DHCP client response to an offer with invalid parameters

[mark mckinstry]

What should a DHCP client do when it receives multiple offers, some of
which contain invalid parameters (e.g. IP address = 255.255.255.255 or
subnet mask = 255.255.255.254)?

I'm guessing that ideally it should evaluate all the offers for
validity and select one that is valid (by sending a DHCPREQUEST) - e.g.
the first valid one received. This is not what the ISC client code does,
however, - it simply selects the first offer regardless of validity
(despite what the commenting in the code says! - looks like a hangover
from v2.0).

A possible workaround might be to wait till the ACK is received back
from the server, then send a DECLINE if the offer/ACK contained invalid
parameters - which would then restart the whole DISCOVER/OFFER/.. cycle.
This could be achieved by adding some validity checking to
dhclient-script, for the BOUND/RENEW etc states, so it returns a
non-zero value if any of the parameters is invalid. However, it seems to
me this approach is inefficient and could result in some serious issues
- e.g. a bad (misconfigured) server could keep being the first to make
an offer - resulting in an infinite loop!

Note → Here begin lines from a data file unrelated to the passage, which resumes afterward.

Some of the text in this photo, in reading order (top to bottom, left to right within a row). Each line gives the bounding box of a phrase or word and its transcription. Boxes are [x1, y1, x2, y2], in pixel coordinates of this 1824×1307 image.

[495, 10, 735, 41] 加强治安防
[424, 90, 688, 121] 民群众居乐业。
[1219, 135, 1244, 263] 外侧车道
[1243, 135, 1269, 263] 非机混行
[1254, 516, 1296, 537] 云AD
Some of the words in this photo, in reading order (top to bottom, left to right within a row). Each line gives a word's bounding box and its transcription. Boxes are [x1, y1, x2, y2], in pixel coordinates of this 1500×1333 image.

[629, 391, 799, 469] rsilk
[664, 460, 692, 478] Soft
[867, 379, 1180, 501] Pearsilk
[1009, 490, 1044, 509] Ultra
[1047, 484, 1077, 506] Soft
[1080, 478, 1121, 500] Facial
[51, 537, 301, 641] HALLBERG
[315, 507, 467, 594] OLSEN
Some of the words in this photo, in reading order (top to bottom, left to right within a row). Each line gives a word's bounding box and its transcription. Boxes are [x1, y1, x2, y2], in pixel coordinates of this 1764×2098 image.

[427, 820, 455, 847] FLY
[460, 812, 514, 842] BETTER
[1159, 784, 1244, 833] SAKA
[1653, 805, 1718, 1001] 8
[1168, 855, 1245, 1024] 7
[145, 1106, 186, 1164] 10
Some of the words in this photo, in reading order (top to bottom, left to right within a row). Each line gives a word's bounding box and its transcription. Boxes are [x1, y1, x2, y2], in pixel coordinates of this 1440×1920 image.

My reading of RFC2131 is that DHCPDECLINE is intended to indicate the
client has detected the offered address is already in use - which would
normally cause the server to offer a different address next time - so it
shouldn't really be used to reject an offer containing invalid
parameters?


My conclusion is that the client's "offer selection" code should really
be doing at least some basic parameter validity checks, and that ideally
this should be done via dhclient-script via a new state (SELECTING?).

Has anyone come across this issue - or even better come up with a fix?

Thanks
Mark McKinstry